What you will do:
Copy every entry exactly as given, minus the images.

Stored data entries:
────────────────────────────────────────

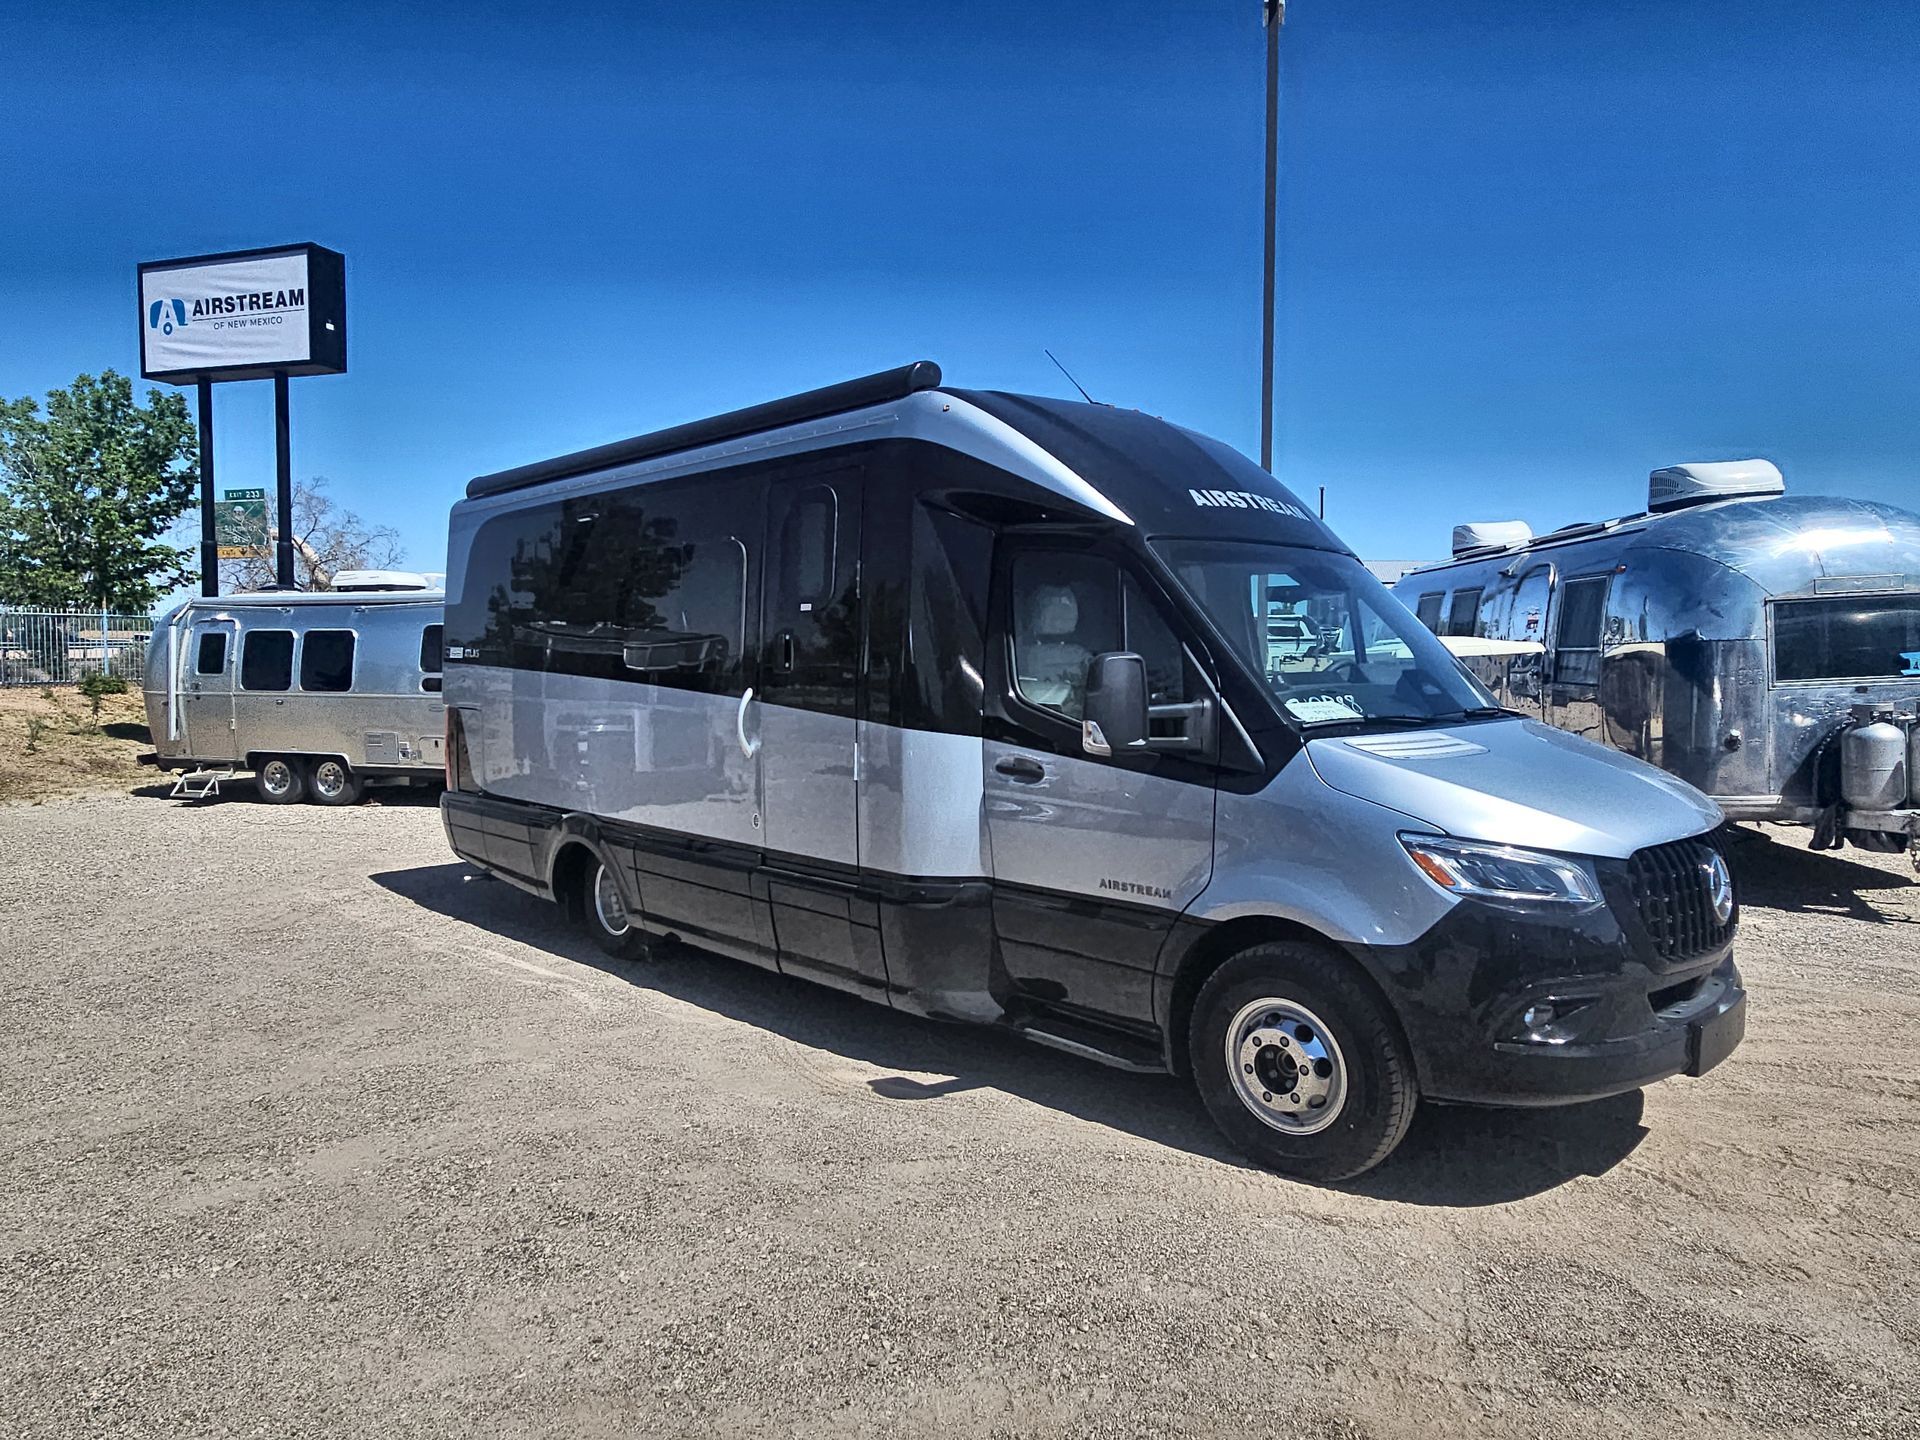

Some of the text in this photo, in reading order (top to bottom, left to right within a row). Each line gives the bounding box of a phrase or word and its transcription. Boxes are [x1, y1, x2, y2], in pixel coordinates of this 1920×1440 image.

[193, 288, 305, 317] AIRSTREAM
[214, 316, 283, 330] OF NEW MEXICO
[1188, 489, 1311, 521] AIRSTREAM
[1099, 878, 1172, 899] AIRSTREAM
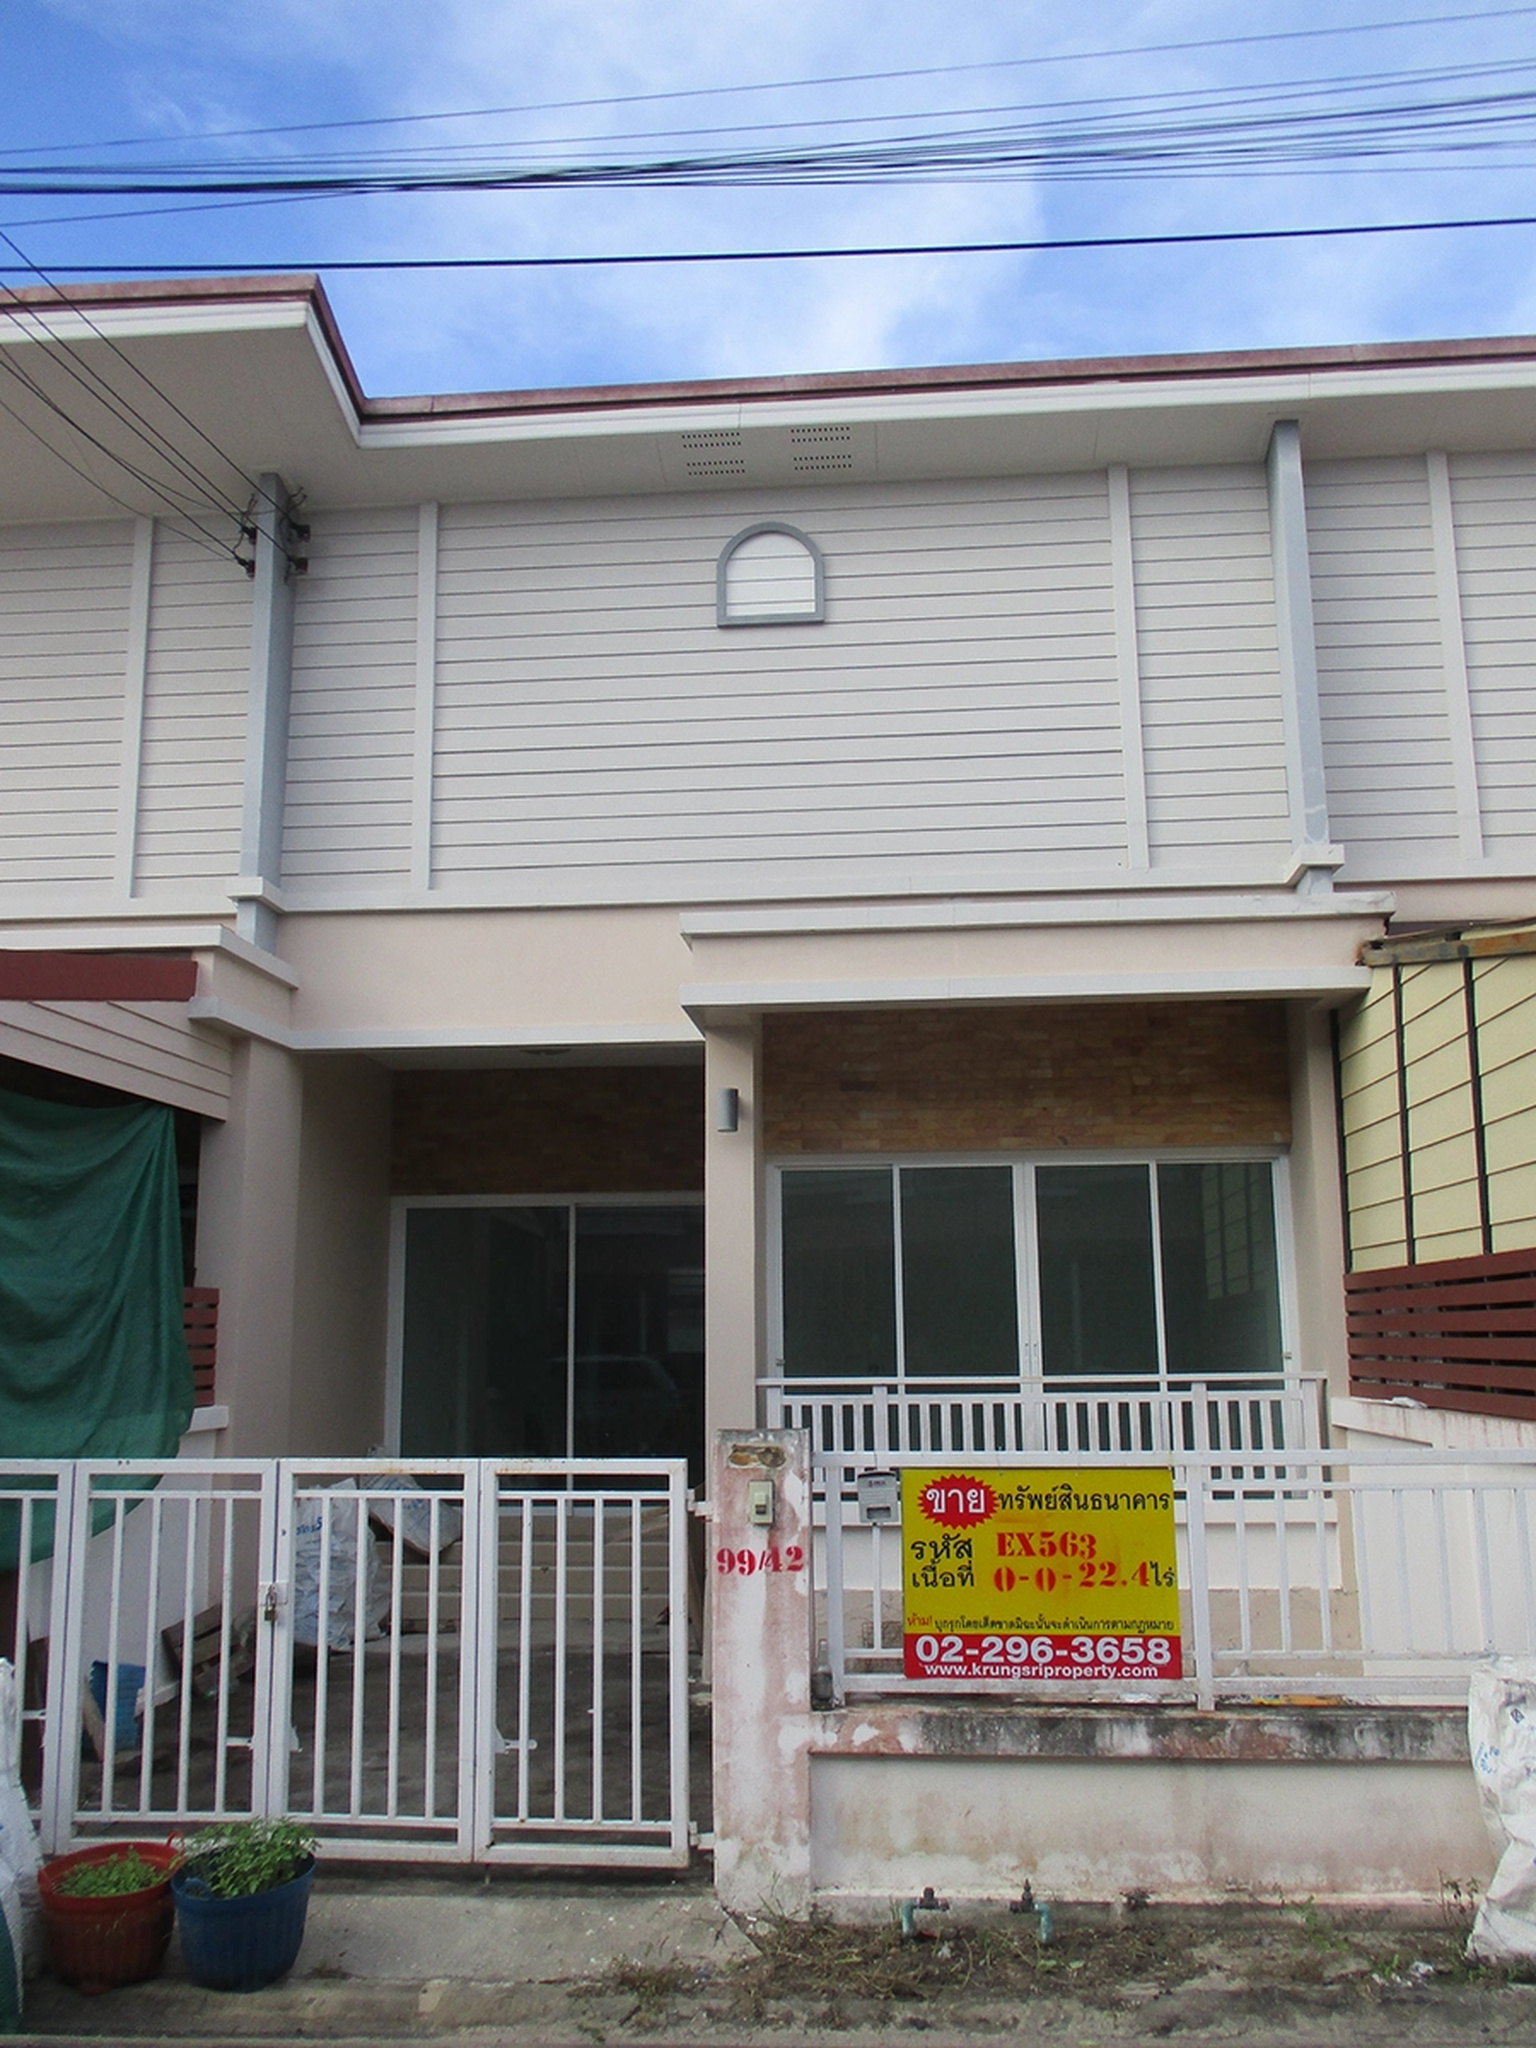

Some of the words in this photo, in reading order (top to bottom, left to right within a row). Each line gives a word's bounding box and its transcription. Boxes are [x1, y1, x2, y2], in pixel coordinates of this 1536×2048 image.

[926, 1488, 985, 1513] ขาย
[998, 1483, 1170, 1511] ทรัพย์สินธนาคาร
[716, 1546, 804, 1575] 99/42
[910, 1533, 973, 1560] รหัส
[996, 1532, 1096, 1559] EX563
[912, 1558, 974, 1587] เนื้อที่
[915, 1635, 1172, 1664] 02-296-3658
[924, 1662, 1158, 1679] www.krungsriproperty.com
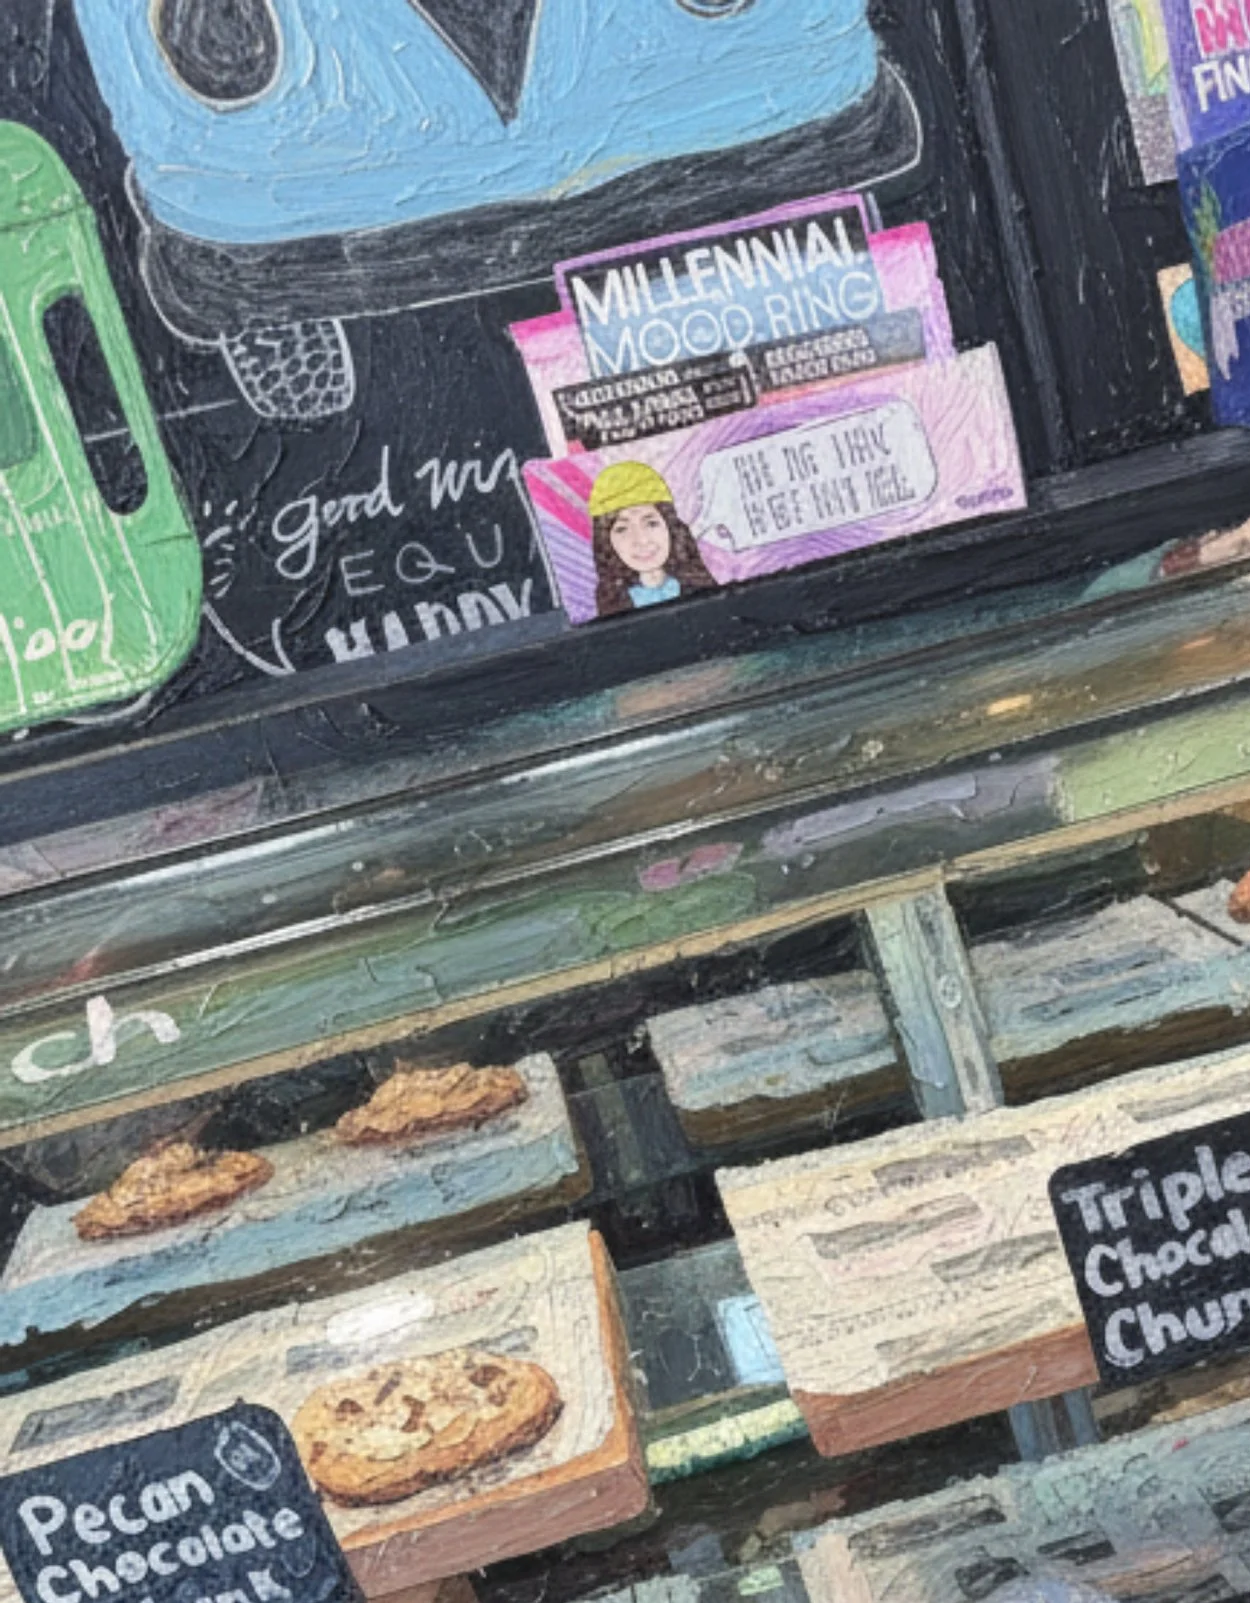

────────────────────────────────────────

Exercise answer:
Some of the text in this photo, in reading order (top to bottom, left to right within a row). Each line gives the bounding box of a phrase or word and its transcription. Boxes are [x1, y1, x2, y2], in pixel coordinates of this 1920×1440 image.

[193, 288, 305, 317] AIRSTREAM
[214, 316, 283, 330] OF NEW MEXICO
[1188, 489, 1311, 521] AIRSTREAM
[1099, 878, 1172, 899] AIRSTREAM

Some of the words in this photo, in reading order (top to bottom, left to right within a row). Each line gives a word's bounding box and its transcription. Boxes are [x1, y1, x2, y2], in pixel coordinates of this 1536×2048 image.

[926, 1488, 985, 1513] ขาย
[998, 1483, 1170, 1511] ทรัพย์สินธนาคาร
[716, 1546, 804, 1575] 99/42
[910, 1533, 973, 1560] รหัส
[996, 1532, 1096, 1559] EX563
[912, 1558, 974, 1587] เนื้อที่
[915, 1635, 1172, 1664] 02-296-3658
[924, 1662, 1158, 1679] www.krungsriproperty.com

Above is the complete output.